What about those less technical people? Did they have their chance in the Rails revolution?

Yes!

It was late 2007 when I was contacted by a potential client. He said he was a fashion designer and he needed help with Rails deployment.

What?

A fashion designer needing help with Rails deployment!

“What do you want to deploy?”, I asked, assuming he got some technical terminology wrong. “Oh, it’s a prototype of a web application which helps men choose good clothes for them.”

I looked at it and I was speechless. It was a fully working app, with a non-trivial algorithm implemented in Ruby.

It was actually ready for deployment. That’s all I was needed for here. This scared me. One year before, I decided to rely my programming career on Rails. Is this what I signed up for? Non-technical people being able to implement an application needing me just for the deployment?

I wanted to go back to my former Java world. To the world, where my job wasn’t threatened by fashion designers!

I realised that something big is happening.

I was lucky enough to be part of it. Rails enabled more people to be involved in creating web applications. I was very curious where it's all going to.

That was the time when new gems (they were called plugins at that time) started to pop up every week - acts_as_taggable, acts_as_anything, acts_as_hasselhoff (yes, there's such plugin: https://github.com/lazyatom/acts_as_hasselhoff/ ).

The fashion projects ended very well. When the client understood that I'm faster than him in developing the features, he took care of marketing and other stuff. I wasn't just the deployment person anymore.

Creating new Rails projects in 2008 was like combining little pieces together.

At the beginning it was fun. However, the whole new wave of Rails developers started creating new versions of their gems every week.
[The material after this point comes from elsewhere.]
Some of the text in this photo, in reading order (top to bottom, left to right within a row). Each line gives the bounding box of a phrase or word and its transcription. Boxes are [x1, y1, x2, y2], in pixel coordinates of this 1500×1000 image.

Each version had different dependencies. The authentication libraries kept changing every month at that time. At some point, it wasn't just connecting the pieces, but also hard work on untangling the dependencies to make it all work together.

The Rails Way was born

This concept was never clearly defined. It was a term to describe the Rails approach.
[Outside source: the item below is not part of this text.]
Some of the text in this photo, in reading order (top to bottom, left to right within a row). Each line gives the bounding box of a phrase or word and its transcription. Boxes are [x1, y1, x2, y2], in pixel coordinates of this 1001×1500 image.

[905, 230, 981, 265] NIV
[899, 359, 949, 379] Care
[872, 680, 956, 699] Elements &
It's worth noting that at that time, everyone in Rails was coming from somewhere. I was from the Java world. Some people came from the PHP world. There were even some ex-Microsoft people.

At that time there were no developers who "were born with Rails".

When The Rails Way concept was appearing it was a way of distinguishing it from "the architecture astronauts Java way" or the "PHP spaghetti way". We needed to be unique and have something to unite us.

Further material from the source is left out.